Frahn über den Nicht-Aufstieg, das fatale 2:2 gegen die Wölfe und Ex-Coach Pacult: "Ich habe bis zuletzt geglaubt, dass wir das noch packen. Als dann das 2:2 fällt, ist für mich eine Welt zusammengebrochen. Ich hatte keine Probleme mit Peter Pacult. Er ist nicht so abweisend, wie er manchmal öffentlich rüber kommt. Wir haben unter ihm absolut professionell gearbeitet. Aber wenn man mit dieser Truppe nicht aufsteigt, hat das nicht nur mit Pech zu tun. Dann wurden Fehler gemacht. Von uns allen. Wenn ich das Ding vor dem 2:2 weghaue, gewinnen wir und steigen in Halle auf. Habe ich aber nicht."
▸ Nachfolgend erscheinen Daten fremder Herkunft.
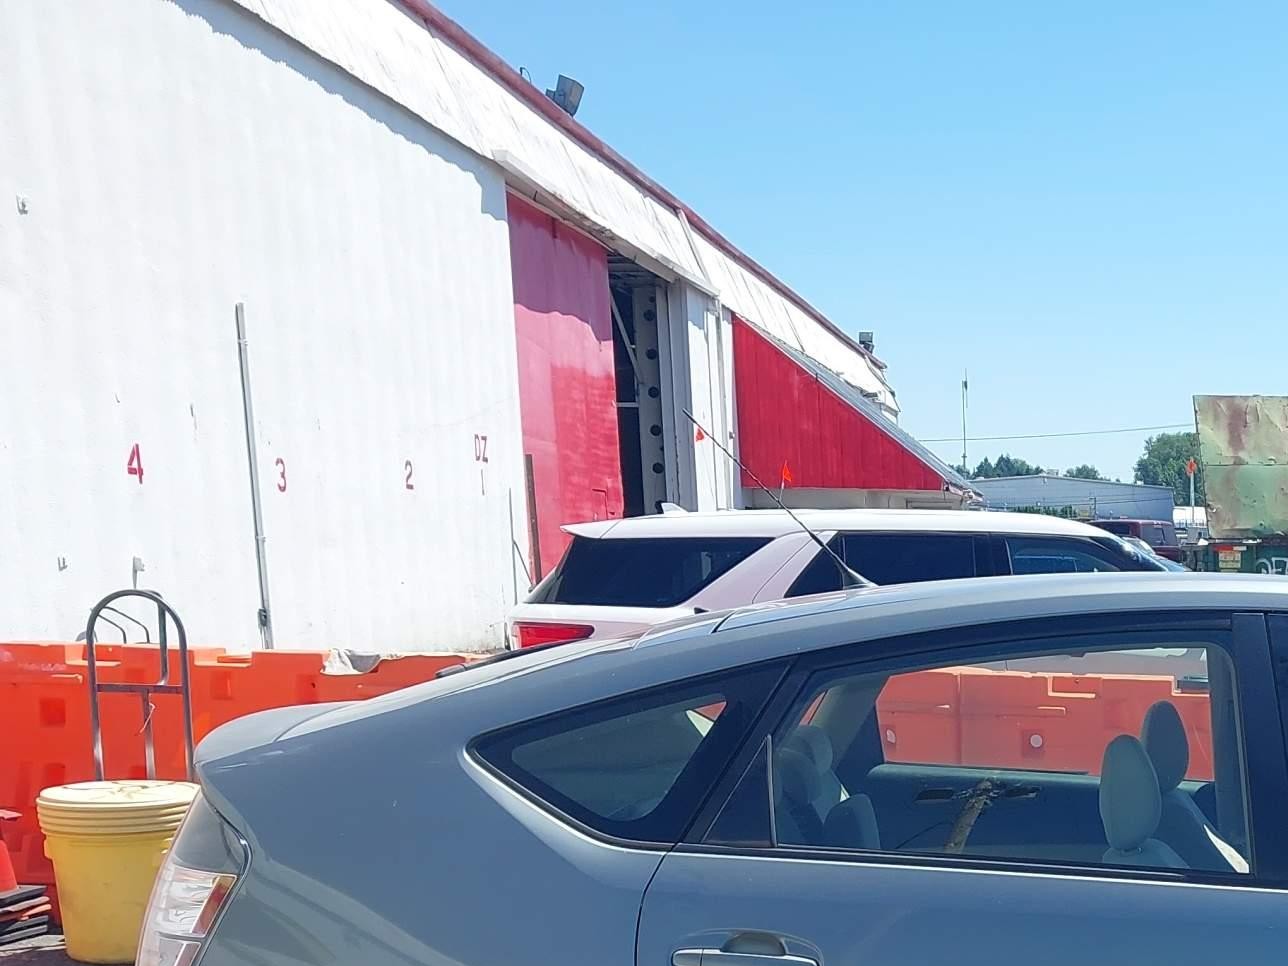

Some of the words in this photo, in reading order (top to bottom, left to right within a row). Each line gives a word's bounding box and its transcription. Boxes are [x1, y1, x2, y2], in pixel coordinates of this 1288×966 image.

[127, 443, 144, 485] 4
[275, 457, 287, 492] 3
[404, 459, 414, 490] 2
Frahn über Pacults Nachfolger Alexander Zorniger, die Macht des Wortes und taktische Trockenübungen: "Es ist kein Geheimnis, dass unser neuer Coach mehr redet, mehr die Kommunikation sucht. Ich kann mit beiden Varianten sehr gut leben. Torschussübungen machen natürlich mehr Spaß als Trockenübungen ohne Ball, aber man sieht nach ein paar Einheiten, dass sich Laufwege automatisieren, dass es uns also etwas bringt. Außerdem dauert eine Taktikeinheit mit Verschieben maximal 20 Minuten, ist also kurz und knackig. Wenn man unter Flutlicht in Zwickau auf tiefem Boden spielt, dürfen wir uns nicht nur aufs System verlassen, dann müssen wir Gras fressen. Und das können wir."
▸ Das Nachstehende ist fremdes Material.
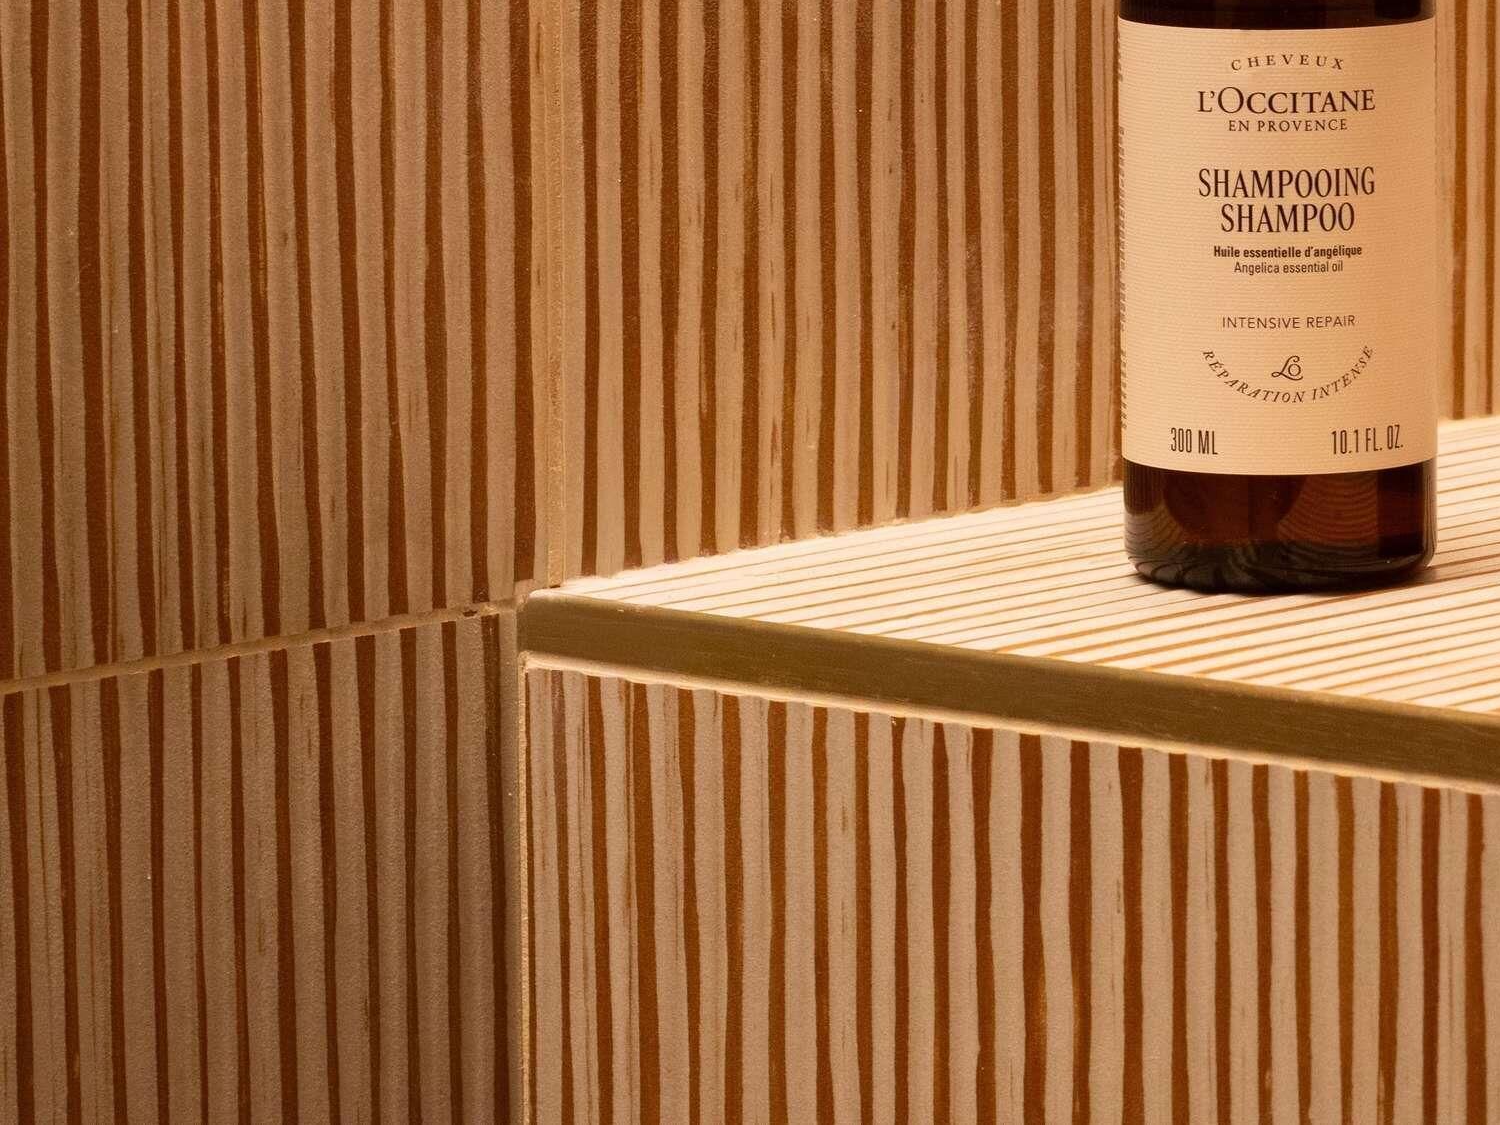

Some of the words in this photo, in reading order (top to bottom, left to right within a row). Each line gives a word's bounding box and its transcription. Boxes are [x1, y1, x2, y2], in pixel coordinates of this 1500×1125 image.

[1231, 54, 1344, 71] CHEVEUX
[1198, 86, 1376, 114] L'OCCITANE
[1228, 120, 1252, 132] EN
[1257, 119, 1348, 132] PROVENCE
[1199, 166, 1375, 198] SHAMPOOING
[1220, 202, 1355, 233] SHAMPOO
[1214, 246, 1240, 257] Huile
[1243, 246, 1301, 258] essentielle
[1304, 245, 1362, 259] d'angélique
[1234, 262, 1279, 275] Angelica
[1283, 261, 1328, 273] essential
[1332, 261, 1343, 272] oil
[1222, 316, 1300, 329] INTENSIVE
[1306, 315, 1355, 328] REPAIR
[1203, 350, 1306, 403] RÉPARATION
[1312, 345, 1374, 400] INTENSE
[1170, 427, 1192, 453] 300
[1198, 429, 1218, 455] ML
[1331, 428, 1360, 454] 10.1
[1365, 427, 1383, 452] FL.
[1387, 424, 1404, 449] OZ.
Frahn über die neuen Kollegen: "Alles super Jungs, kein Stinkstiefel dabei. An der Stimmung im Team und dem gegenseitigen Respekt hat es bei uns aber noch nie gefehlt. Wir haben jetzt mehr Alternativen und mehr unterschiedliche Spielertypen. Alexander Zorniger hat uns gesagt, dass er mit diesem Kader in die Saison geht, höchstens noch ein U23-Spieler dazukommt. Dieses Vertrauen wollen und müssen wir zurückzahlen."
Frahn über den noch enger gewordenen Flaschenhals Regionalliga-Aufstieg: "Wir haben uns das selbst eingebrockt, müssen jetzt Meister werden und dann die Relegation gewinnen, um aufzusteigen. Es ist schwerer geworden, ganz klar. In der Liga wird man uns nicht durchwinken, sind alle heiß. Damit müssen wir leben. Zwickau, Lok, Magdeburg, Union - die freuen sich sehr auf uns. Wir werden vorbereitet sein."
Frahn über seinen Zimmernachbarn Stefan Kutschke, der ein Angebot vom VfL Wolfsburg hatte, aber nicht gehen darf: "Kutsche ist ein geiler Typ, der steckt das weg. Ich habe ihm gesagt, dass wir zusammen irgendwann in der Bundesliga spielen. Mit RB! Sieben Tage mit Kutsche auf einem Zimmer ist schon eine harte Nummer, der hat einen seltsamen Fernseh-Geschmack. Gott sei Dank pennt er immer früh ein."
Frahn über den natürlichen Spielerfeind Trainingslager: "Ein Trainingslager ist nicht vergnügungssteuerpflichtig, da wird gearbeitet, da werden die Beine schwer, da ist die Laune auch mal im Keller. Aber Trainingslager muss sein."